▶ _Saved entries_:
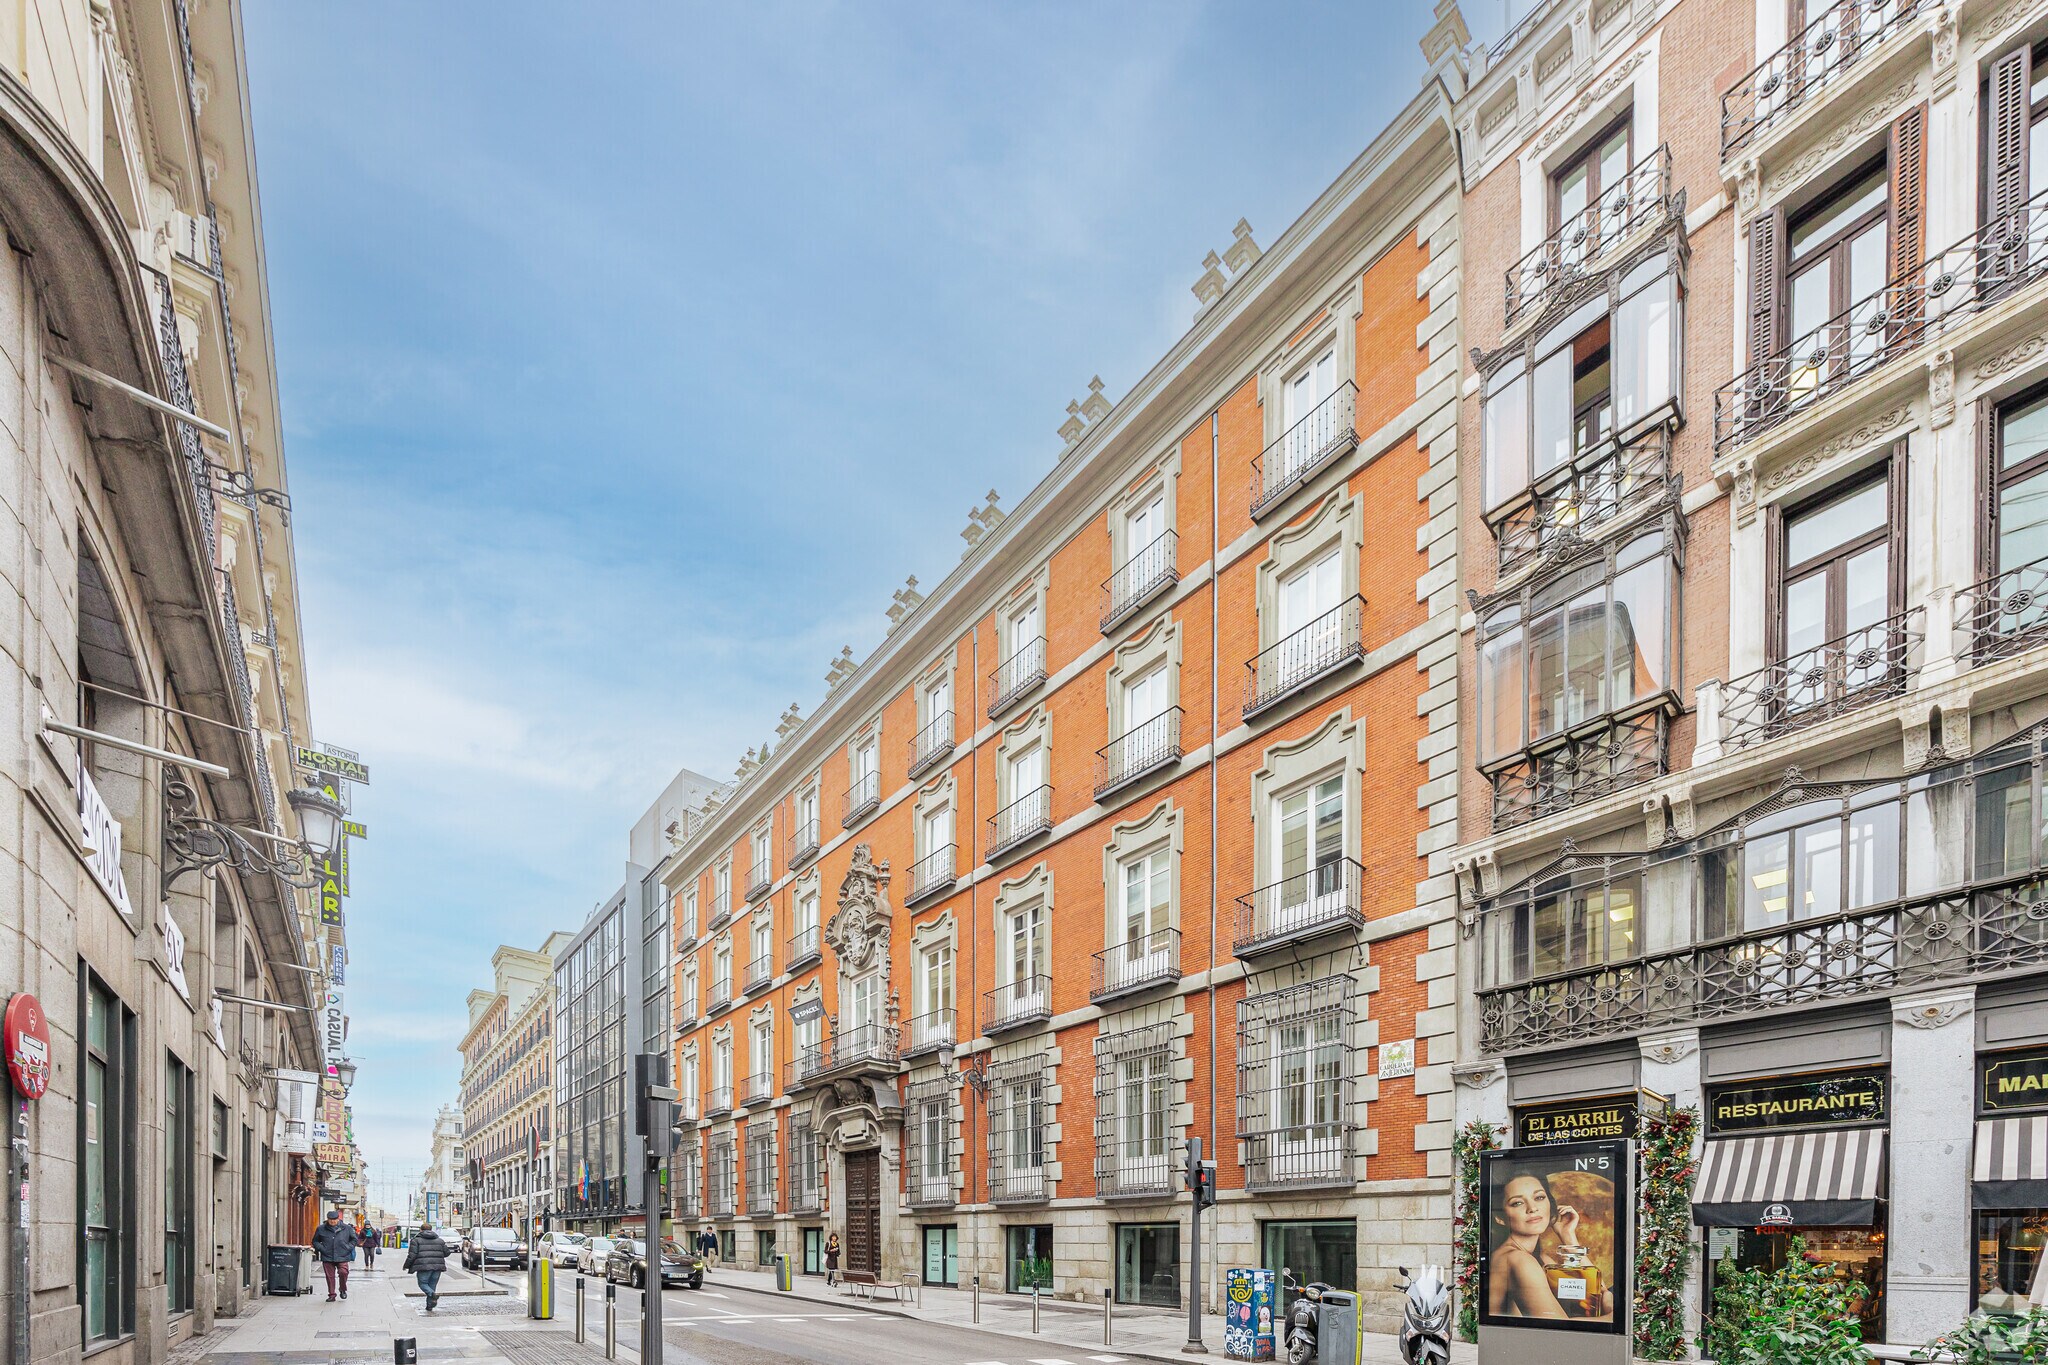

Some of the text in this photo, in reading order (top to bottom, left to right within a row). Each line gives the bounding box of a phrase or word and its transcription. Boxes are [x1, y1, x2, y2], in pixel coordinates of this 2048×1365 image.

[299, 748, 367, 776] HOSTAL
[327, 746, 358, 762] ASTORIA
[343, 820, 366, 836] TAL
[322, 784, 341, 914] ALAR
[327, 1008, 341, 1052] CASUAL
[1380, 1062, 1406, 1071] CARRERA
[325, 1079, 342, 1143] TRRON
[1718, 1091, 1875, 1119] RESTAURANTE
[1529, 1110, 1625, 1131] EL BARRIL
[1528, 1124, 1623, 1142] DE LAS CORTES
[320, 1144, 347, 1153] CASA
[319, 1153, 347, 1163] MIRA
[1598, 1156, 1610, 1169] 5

▶ _TASK DESCRIPTION_:
Would you output the data above exactly as written, but with no images?

▶ _SOLUTION FOR THIS TASK_:
Some of the text in this photo, in reading order (top to bottom, left to right within a row). Each line gives the bounding box of a phrase or word and its transcription. Boxes are [x1, y1, x2, y2], in pixel coordinates of this 2048×1365 image.

[299, 748, 367, 776] HOSTAL
[327, 746, 358, 762] ASTORIA
[343, 820, 366, 836] TAL
[322, 784, 341, 914] ALAR
[327, 1008, 341, 1052] CASUAL
[1380, 1062, 1406, 1071] CARRERA
[325, 1079, 342, 1143] TRRON
[1718, 1091, 1875, 1119] RESTAURANTE
[1529, 1110, 1625, 1131] EL BARRIL
[1528, 1124, 1623, 1142] DE LAS CORTES
[320, 1144, 347, 1153] CASA
[319, 1153, 347, 1163] MIRA
[1598, 1156, 1610, 1169] 5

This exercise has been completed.